Si tratta dei cosiddetti japràk (leggete la j come una normale i), delle foglie di uva con ripieno di erbe e riso. Potrei chiamarli in italiano degli "involtini di uva di vite con riso". Nella ricetta originaria greca si preferisce usare, al posto delle erbette, la carne di vitello macinata finemente. Questa è la versione più "light".


Ingredienti:

50 foglie di vite di ottima qualità (da non confondere con quelle di fico ad alta qualità)
2 cucchiai prezzemolo
2 mazzetti di aneto
1 menta
125 g di riso
150 ml di succo di limone
2 cipollotti tritati
1/2 kg erbette
1/2 spinaci
sale, pepe
olio














foglia di vite foglia di fico


Preparazione:


Lavate le mani. Poi iniziate a lavare le foglie di vite delicatamente, senza romperle. Quando le scegliete per cucinare gli japrak, fatelo possibilmente prendendo delle foglie non troppo spesse e nemmeno troppo mature. Togliete i piccioli troppo duri. Rischiano di rimanere in bocca senza possibilità di essere ruminati. Mettete da parte queste foglie lavate.

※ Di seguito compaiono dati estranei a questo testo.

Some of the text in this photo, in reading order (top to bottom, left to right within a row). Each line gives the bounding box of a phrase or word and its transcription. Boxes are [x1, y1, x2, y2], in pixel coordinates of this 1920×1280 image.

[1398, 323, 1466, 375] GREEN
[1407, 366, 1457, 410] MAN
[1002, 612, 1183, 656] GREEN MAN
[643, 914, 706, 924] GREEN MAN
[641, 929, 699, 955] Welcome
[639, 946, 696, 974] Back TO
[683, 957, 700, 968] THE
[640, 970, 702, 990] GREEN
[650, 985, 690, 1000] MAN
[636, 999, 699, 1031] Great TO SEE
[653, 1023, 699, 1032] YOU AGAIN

Ora scaldate l'olio in una padella e fatevi appassire la cipolla per un minuto a fuoco medio. Aggiungete a turno gli spinaci, le erbette, l'aneto, il prezzemolo e la menta, tutti sminuzzati. Poi, il riso e sale. Saltate un po', e aggiungete 250 ml di acqua (un bicchiere d'acqua più o meno) e portate a bollore, poi abbassate la fiamma, coprite e lasciate sobbollire per 20 minuti. Lasciate quindi raffreddare.

Coprite il fondo di una pentola con delle foglie già lavate (quelle che avevate lasciato da parte circa 20 minuti fa).

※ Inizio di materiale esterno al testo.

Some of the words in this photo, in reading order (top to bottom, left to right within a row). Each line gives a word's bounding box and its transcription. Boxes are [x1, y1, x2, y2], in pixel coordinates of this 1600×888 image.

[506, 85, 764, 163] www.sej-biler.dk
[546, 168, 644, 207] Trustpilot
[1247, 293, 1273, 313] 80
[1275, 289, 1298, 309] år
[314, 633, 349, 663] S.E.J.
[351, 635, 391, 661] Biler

Inizia il divertimento: riempire le foglie di questo ripieno. Bene, prendete una foglia, apritela per bene, la parte lucida verso il basso, e mettete una polpettina della farcitura vicino al picciolo. Piegate la foglia a libro, cioè piegando i bordi e iniziando a rotolare, stretto stretto, a partire dal picciolo. Adagiate delicatamente il vostro elaborato, che deve essere abbastanza compatto e non tutto strapazzato e buchettato, sul fondo della pentola, con la chiusura verso il basso.

Finito uno strato di japrak, bagnateli con del limone e dell'olio. Finita la pentola di japrak, coprite con due dita d'acqua. Chiudete con un piatto e un barattolo pesante per tenerle ferme mentre cuociono.

Fate bollire per mezz'oretta, ossia fino a quando il riso del ripieno è cotto non troppo.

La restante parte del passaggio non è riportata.